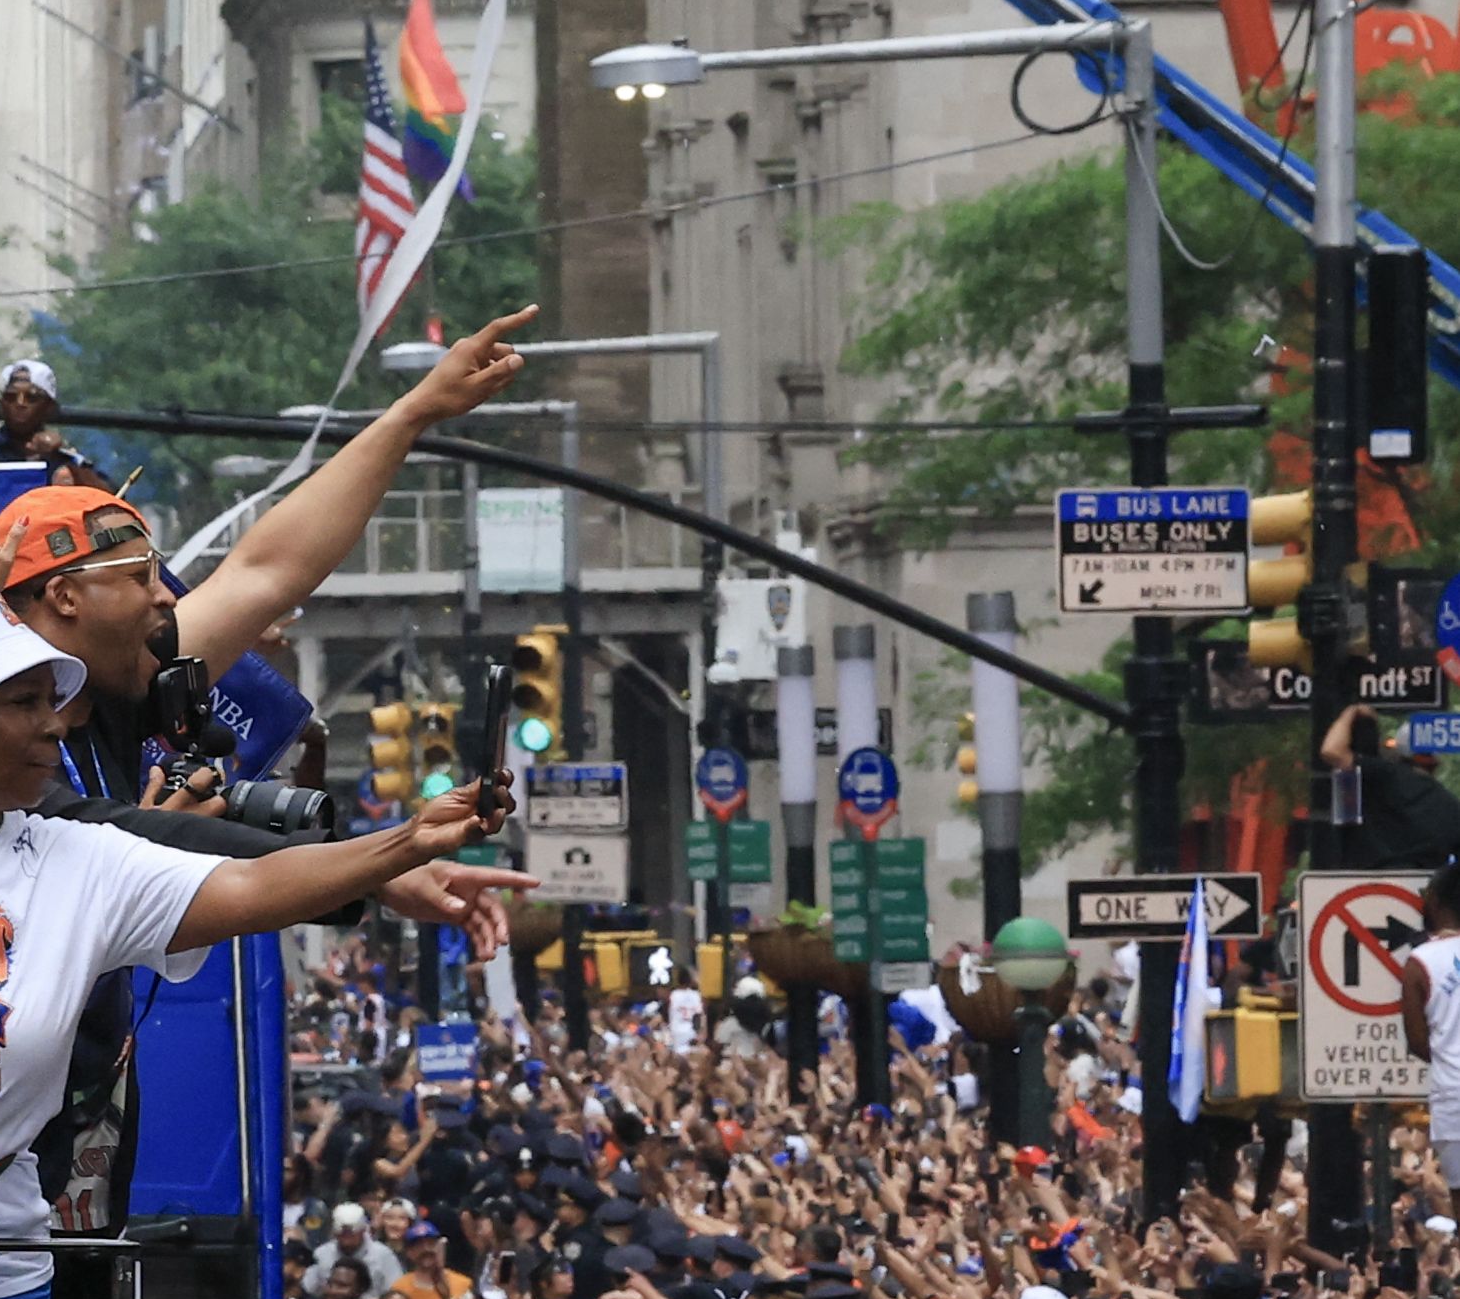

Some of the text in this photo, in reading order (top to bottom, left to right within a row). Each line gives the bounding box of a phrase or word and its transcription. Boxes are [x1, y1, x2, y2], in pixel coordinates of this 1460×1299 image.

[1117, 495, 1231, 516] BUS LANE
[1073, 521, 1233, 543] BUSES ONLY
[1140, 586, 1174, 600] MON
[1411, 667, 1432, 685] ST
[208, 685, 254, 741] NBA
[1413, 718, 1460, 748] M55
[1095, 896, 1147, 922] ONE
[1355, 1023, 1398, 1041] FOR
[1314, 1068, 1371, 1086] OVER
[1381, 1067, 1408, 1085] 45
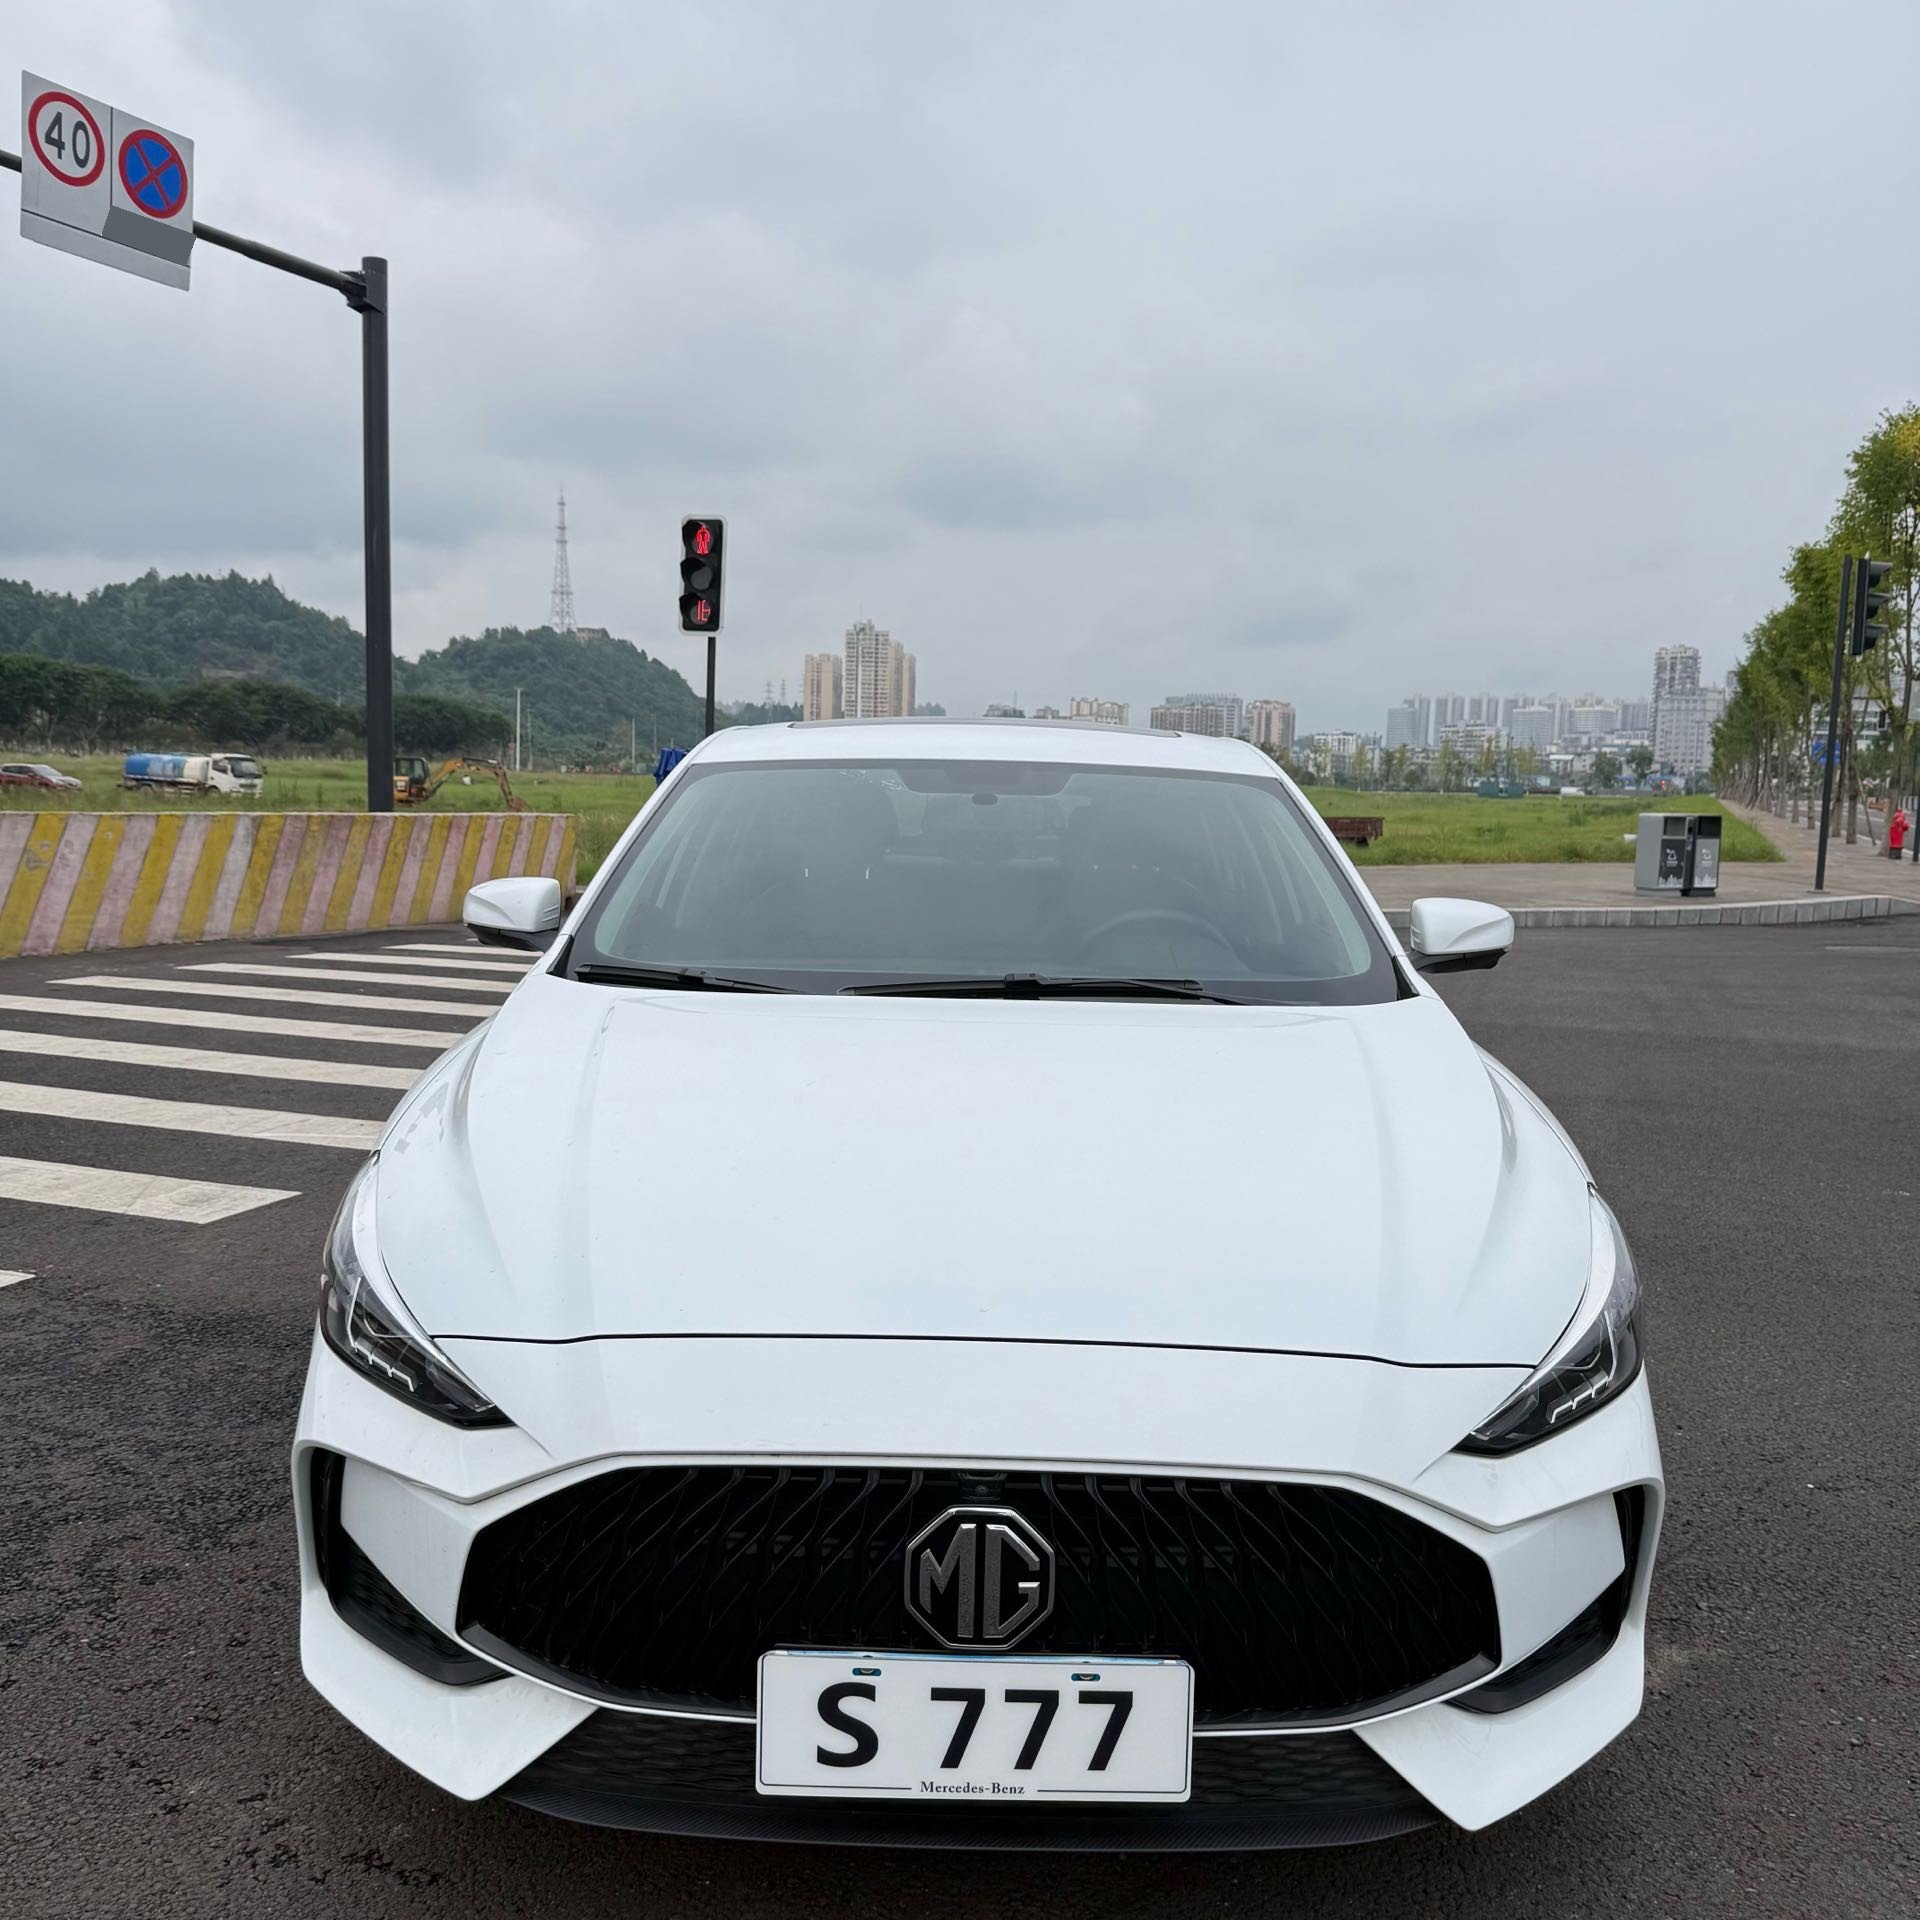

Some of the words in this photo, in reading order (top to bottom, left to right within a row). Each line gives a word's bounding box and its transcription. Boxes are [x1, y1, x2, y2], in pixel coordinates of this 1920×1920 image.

- About this exercise: Please repeat the data verbatim and leave the pictures out of your copy.

- Finished task:
Some of the text in this photo, in reading order (top to bottom, left to right within a row). Each line gives the bounding box of a phrase or word and its transcription. Boxes are [x1, y1, x2, y2], in pixel coordinates of this 1460×1299 image.

[1117, 495, 1231, 516] BUS LANE
[1073, 521, 1233, 543] BUSES ONLY
[1140, 586, 1174, 600] MON
[1411, 667, 1432, 685] ST
[208, 685, 254, 741] NBA
[1413, 718, 1460, 748] M55
[1095, 896, 1147, 922] ONE
[1355, 1023, 1398, 1041] FOR
[1314, 1068, 1371, 1086] OVER
[1381, 1067, 1408, 1085] 45

Some of the words in this photo, in reading order (top to bottom, left to right within a row). Each line gives a word's bounding box and its transcription. Boxes are [x1, y1, x2, y2], in pixel coordinates of this 1920×1920 image.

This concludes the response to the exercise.